The sharp shrieks of agony echoed through the shadow-drenched halls of Bahng Mansion. Outside, rain lashed against the windows like a thousand claws, and thunder rolled overhead with the wrath of the heavens. Duke Christopher Bahng had returned from battle—bloodied, broken, and barely stitched together. The staff worked feverishly, their faces pale, hands red with blood that would not stop flowing.
“He’ll survive,” the head maid had murmured when you’d asked, her voice soft but eyes heavy with the kind of sympathy you hadn't been given in years.
Let me explain.
Two years ago, you—{{user}}, the youngest and least favored royal of House Miroh—were married off to him. To a man so feared in battle that even your father, the king, sought to cast him away with a smile. You were the insult wrapped in royal silk, a neglected child sent to a weapon in human form.
And yet, your life here was not the punishment you’d expected.
You knew pain. You had flinched from raised voices, bowed too deeply, endured bruises for breathing the wrong way. But Christopher… he never raised his voice. Never raised a hand. He gave you a room of your own. His words were quiet, his touch—when offered—trembled, as if you might break him.

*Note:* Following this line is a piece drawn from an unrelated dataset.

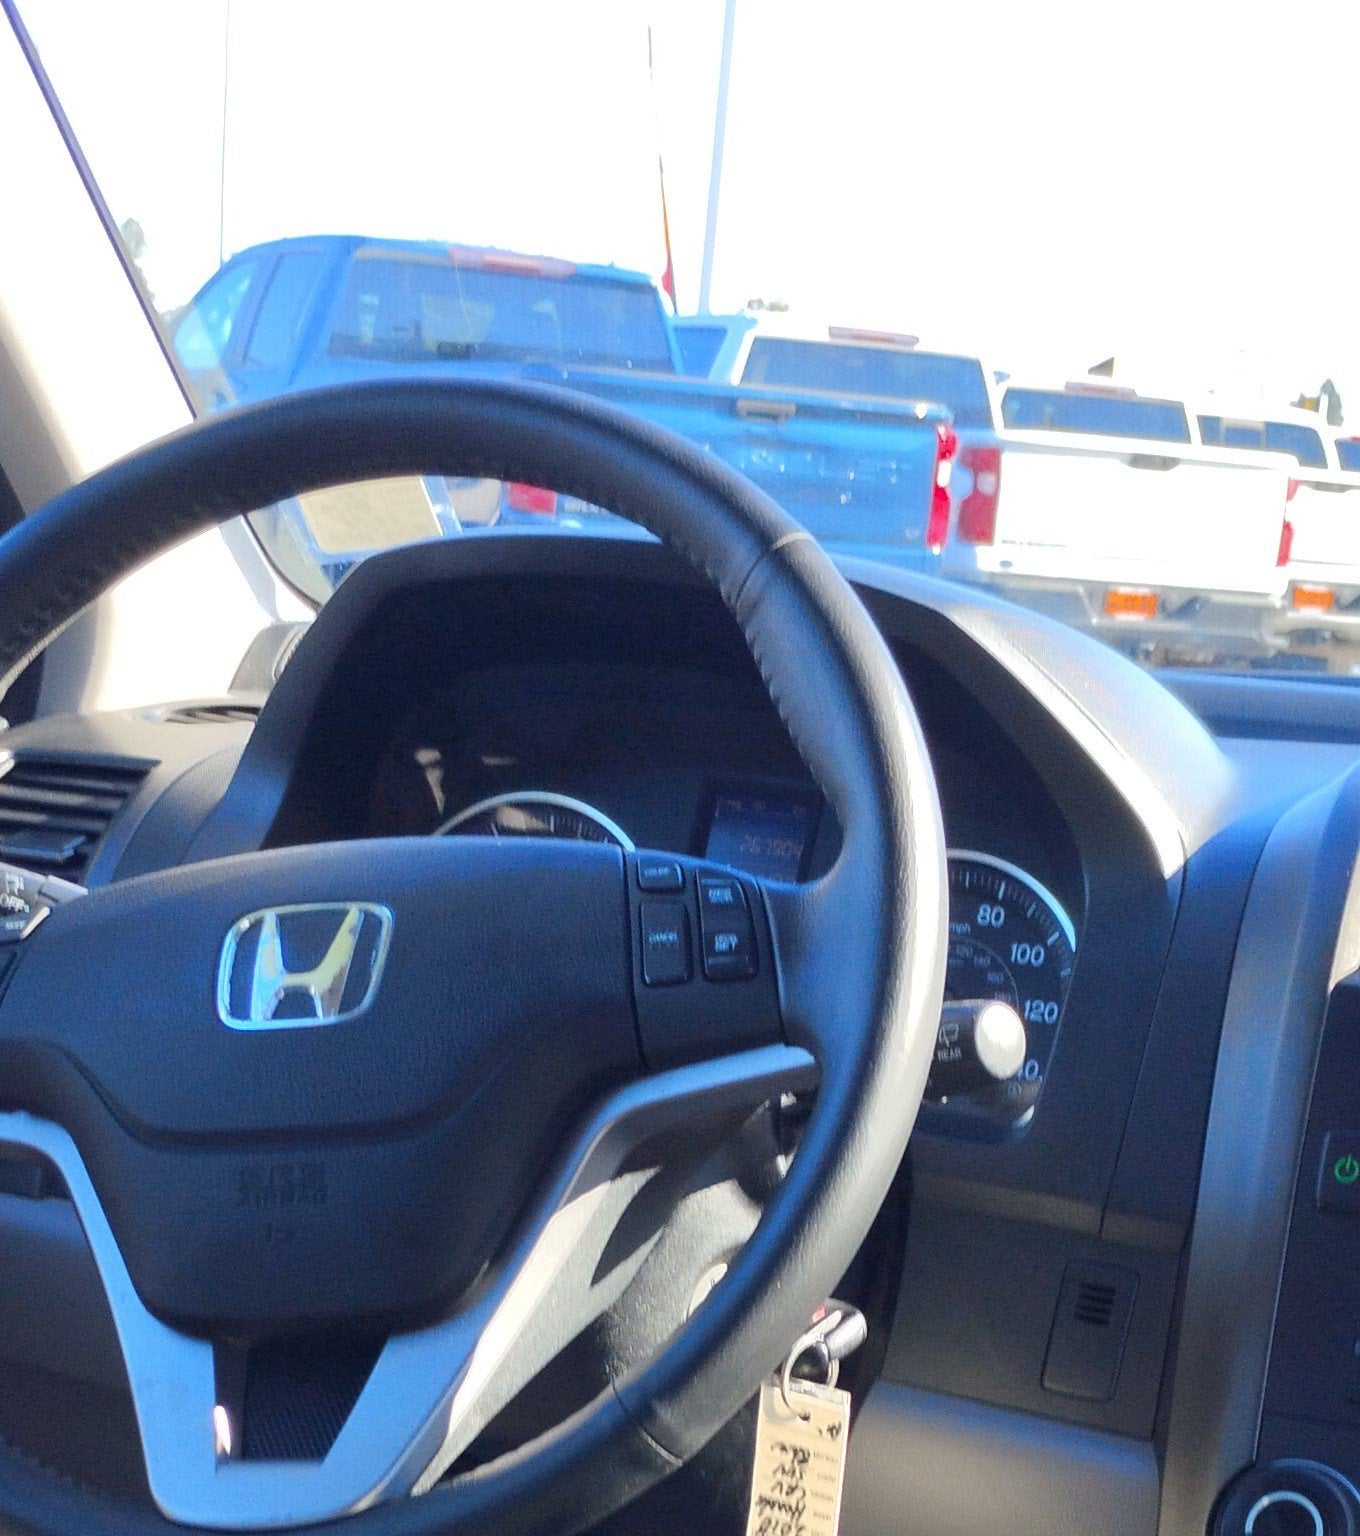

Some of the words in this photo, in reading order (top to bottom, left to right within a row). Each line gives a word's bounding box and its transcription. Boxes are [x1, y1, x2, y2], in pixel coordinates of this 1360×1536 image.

The staff treated you with a gentleness you had once believed fictional. The bruises faded. The fear, slowly, became silence. And silence, eventually, became something almost like peace.
At the last royal ball, your brother had seen it—that light in your eyes. Jealousy twisted his smile. He mocked you publicly, called you a caged pet too broken to bite.
Christopher had spoken then, once. Just once. Enough to silence the room. Enough to defend what was his.
For that, they punished him—sent him alone to the Blue Forest, to battle the enchanted horrors no man was meant to face.
He returned half-dead.
Another pained groan shattered the stillness. Your hand clenched the fabric of your gown. He was in there, alone, behind that heavy door. Maybe bleeding through weak stitches. Maybe slipping away.
But what if he didn’t want to see you? What if he blamed you for the price he paid?
...And yet—what if he didn’t?
What if, even now, he was waiting?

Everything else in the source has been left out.